The application of the aluminum nitride sintered body of the present invention is not particularly limited, but since the volume resistivity is 1 × 10 ⁸ Ω'm or more and 1 × 10 ¹² Ω'm or less, the electrostatics for the etcher and the CVD apparatus It can be suitably used for chucks and electrostatic chucks with a heater.

Claims

The scope of the claims

[1] In X-ray diffraction, the peak area S2 of the diffraction peak corresponding to the aluminum oxynitride phase, corresponding to the aluminum oxynitride phase, to the peak area S 1 of the diffraction peak of the aluminum nitride crystal plane [100] Ratio S2 / S 1 force is 01 or more and 0.3 or less, and spin concentration is 1 x 10 ¹⁵ spins / cm ³ or more 1 x 10 ² ° spins / cm at a magnetic field of 336 mT or more and 342 mT or less as measured by electron spin resonance. ^An aluminum nitride sintered body characterized by having ³ or less.

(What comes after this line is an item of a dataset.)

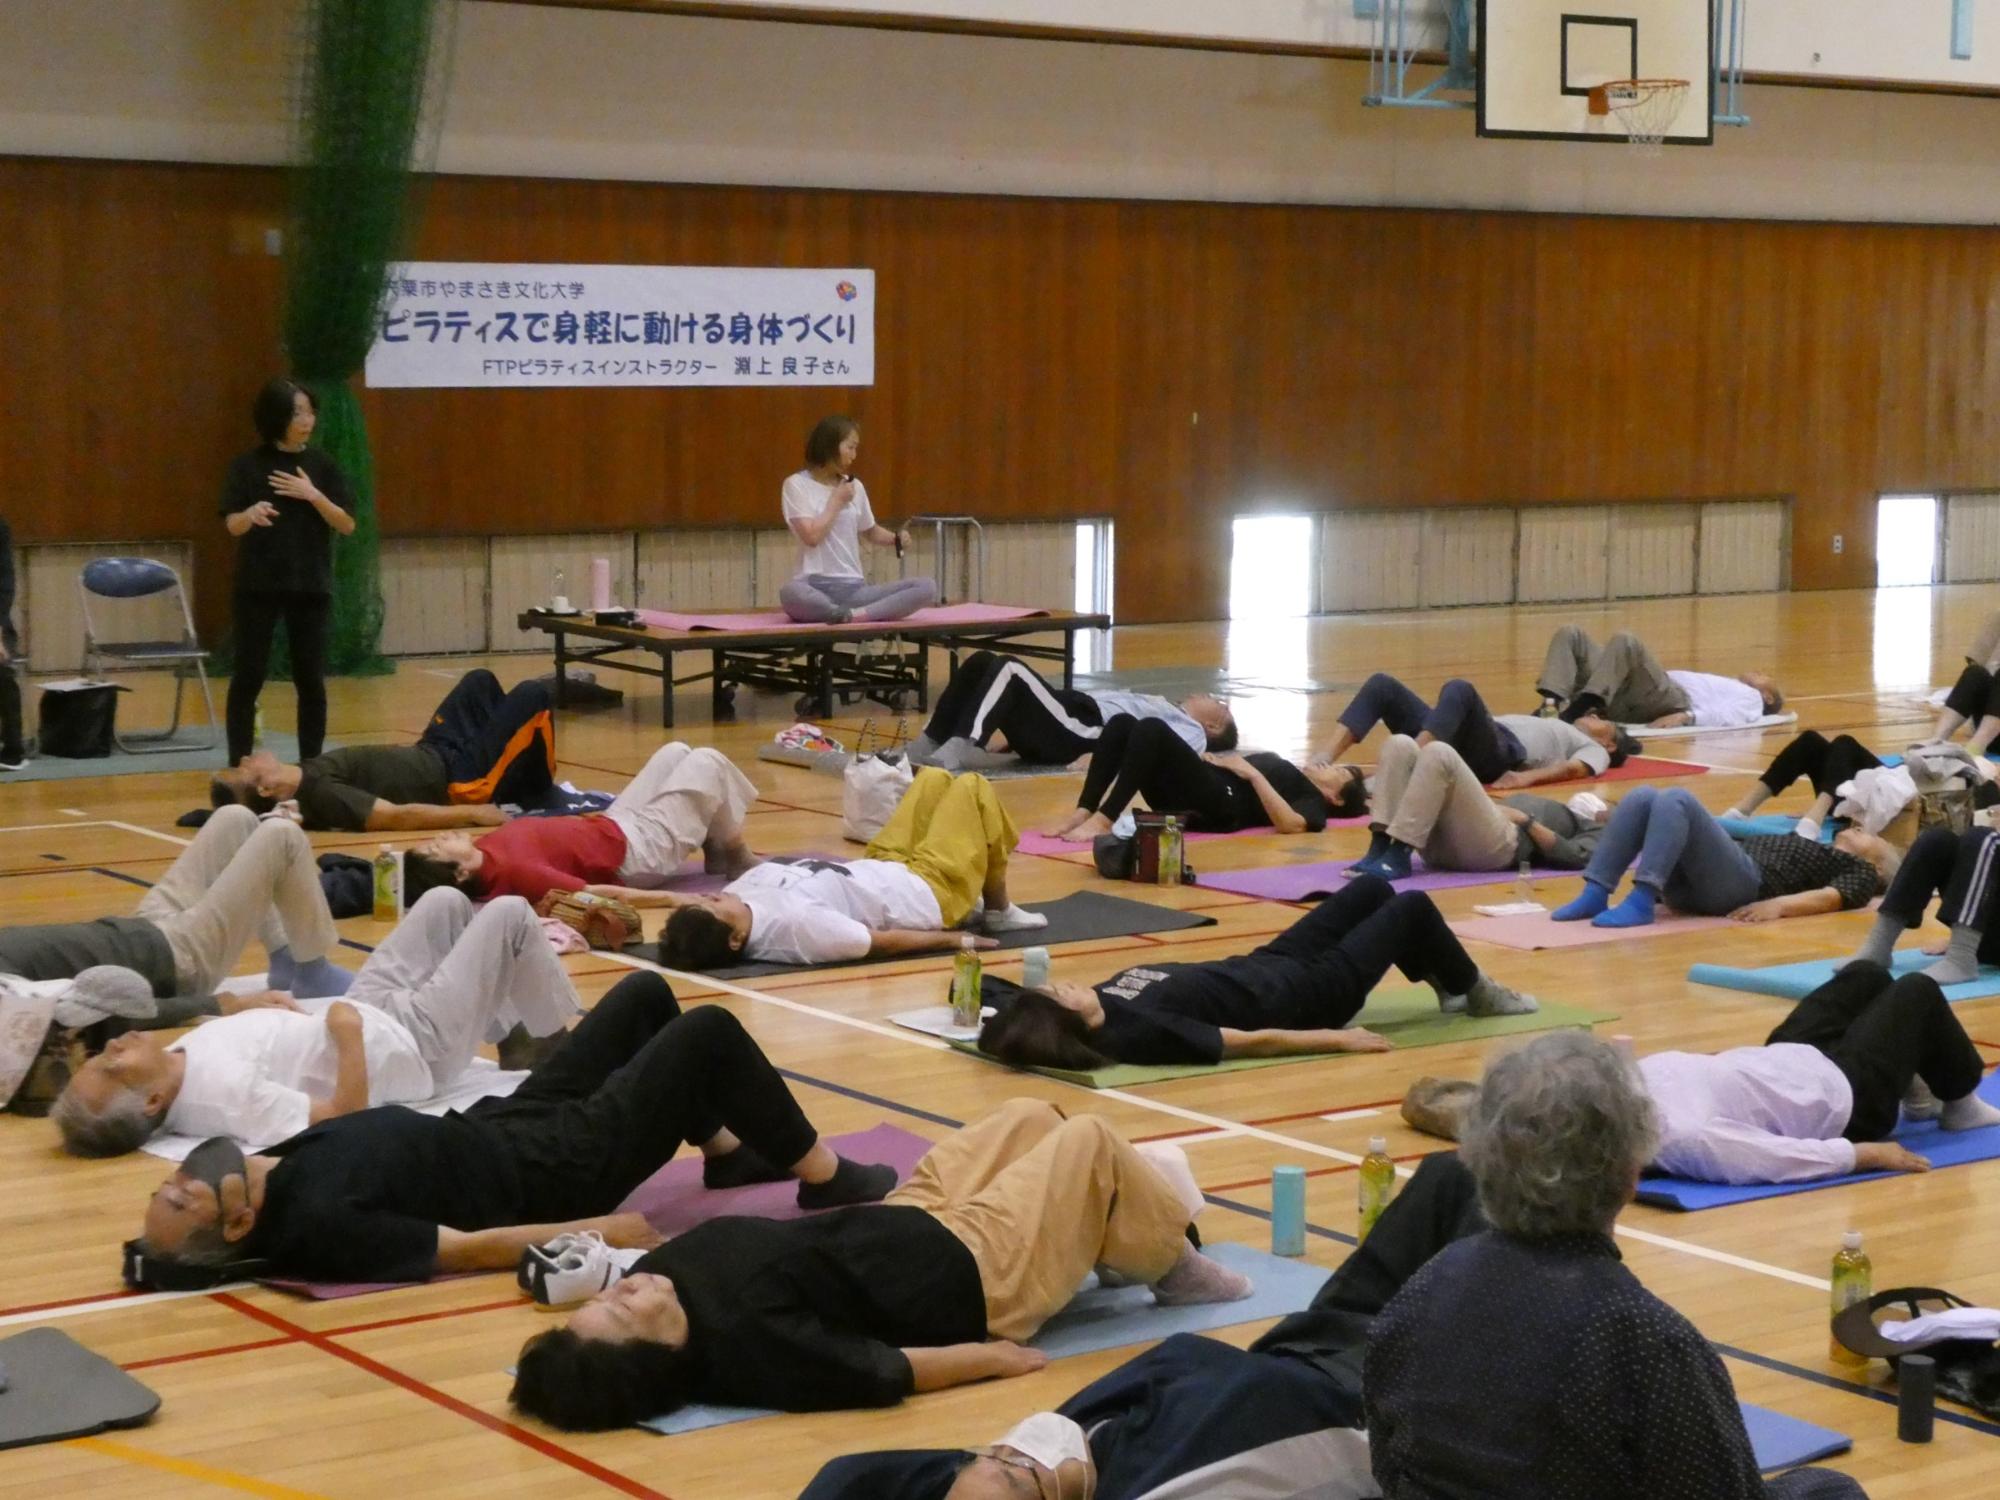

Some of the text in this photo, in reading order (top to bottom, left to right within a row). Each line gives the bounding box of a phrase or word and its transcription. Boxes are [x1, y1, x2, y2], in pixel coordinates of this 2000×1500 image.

[2] The aluminum nitride sintered body according to claim 1, wherein the total content of metal elements other than aluminum is 400 ppm or less.

[3] The aluminum nitride sintered body according to claim 1, which is substantially free of a sintering aid.

[4] The aluminum nitride sintered body according to claim 1, wherein the volume resistivity at a temperature of 25 ° C. or more and 500 ° C. or less is 1 × 10 ⁸ Ω ′ cm or more and 1 × 10 ¹² Q-cm or less.

[5] An aluminum nitride powder and an average particle diameter of 0.3 to 2 m, and an average particle diameter ratio to the aluminum nitride powder is in a range of 0.3 to 0.8, α -A method for producing a nitrided aluminum sintered body, comprising pressureless sintering of a mixed powder containing an alumina powder as a sintering component.

[6] The method for producing an aluminum nitride sintered body according to claim 5, wherein 0.5 part by mass or more and 5 parts by mass or less of α-alumina powder is added to 100 parts by mass of aluminum nitride powder.

[7] The method for producing an aluminum nitride sintered body according to claim 5 or 6, wherein normal pressure sintering is performed in a nitrogen atmosphere at 1800 ° C. or more and 1950 ° C. or less for 30 hours or more and 100 hours or less.